Mr Tattersall, who said he does not smoke ice, said Jayden had been smoking heavily in the days before their arrival in Charters Towers. "Then we got to a dirt road and he started thinking it was going to be out this way," he said. "He was doing head miles. He was doing head circles."
The court heard Jayden asked Mr Tattersall if he had the drugs and the pair got into an argument. "He was trying to turn it towards me, and that's when I blew up and said it's not my fault you lost the crap," he said.
Mr Tattersall said he remembered little about the specifics of exactly where they were when Jayden stormed off and sat under a tree in a paddock. "He said he wanted to be left alone," Mr Tattersall told the court. "He said, 'I just need to sit down and think about what the f--- is going on and figure out what the f--- I'm going to do'. So I just went back to the car."

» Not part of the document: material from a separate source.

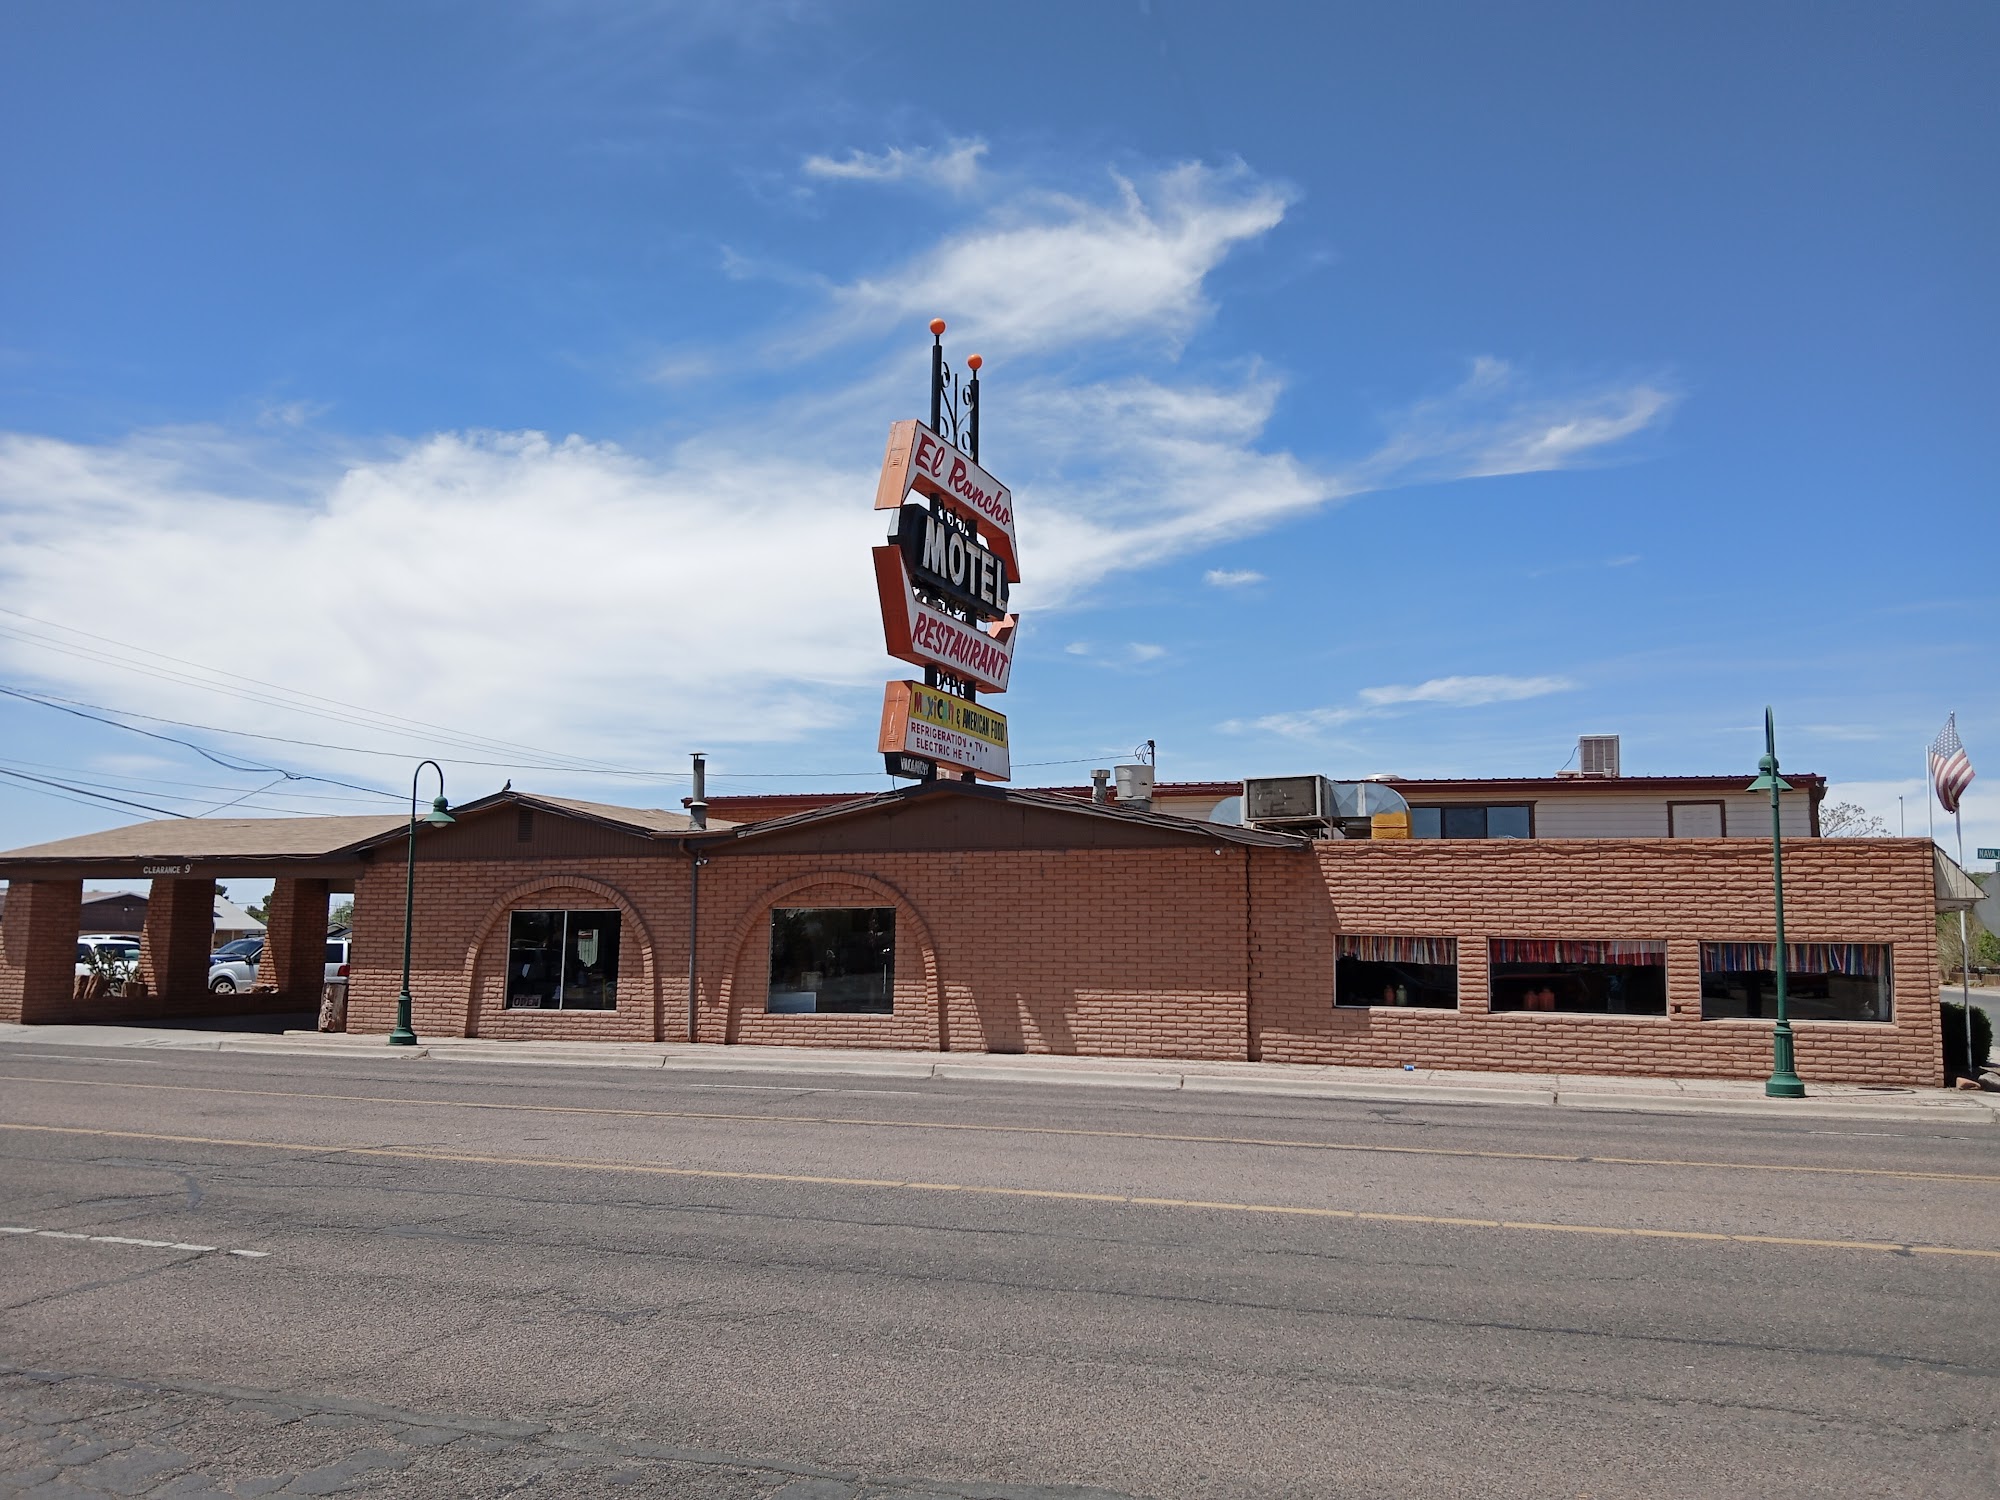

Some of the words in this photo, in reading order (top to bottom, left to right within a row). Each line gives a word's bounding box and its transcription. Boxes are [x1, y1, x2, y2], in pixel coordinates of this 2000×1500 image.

That was the last time he saw Jayden. Mr Tattersall said he serached on foot for a while and it "started to get real hot, like I needed to get water". He then drove around for hours, but was unable to find Jayden and went on to Cairns. Jayden was not reported missing until three days later.
In an emotional state, Mr Tattersall asked the court if anyone had ever thought about how he feels. "It was my mate who went missing and the finger gets pointed at me," he said.
But Coroner Wilson interrupted him and said that Jayden's family was not at the inquest for "those type of statements". She instructed Mr Tattersall to just answer the questions put to him.
In closing submissions, counsel assisting the coroner Joseph Crawfoot said Mr Tattersall's evidence was "largely consistent with the independent data we have".
He said the mystery disappearance revolved around drug and alcohol use that affected people's judgment, fears of getting in trouble with the police, a view that it was not out of character for Jayden to walk off after an argument and later return and a "complete lack of awareness about Charters Towers and the conditions Jayden might have been in there".
"Whatever moral failing Mr Tattersall may have, there was no act that contributed to the cause of Jayden's death," he said. He urged the coroner to find Jayden, who had no water, had walked off and perished in the harsh conditions.
Mr Raeburn, barrister for the family, said despite initial concerns about the police investigation, Ms Penno now accepts it was comprehensive and significant resources were employed to find Jayden.
He said she stil maintains there are some avenues of investigation that could be continued and the family called for a reward in an effort to open new lines of inquiry.
Ms Penno urged Coroner Wilson against a finding that Jayden's death was due to misadventure or suicide.
"She maintains her view Jayden has met with foul play," Mr Raeburn said.
"There was no physical evidence in the vast area that was searched that he was there."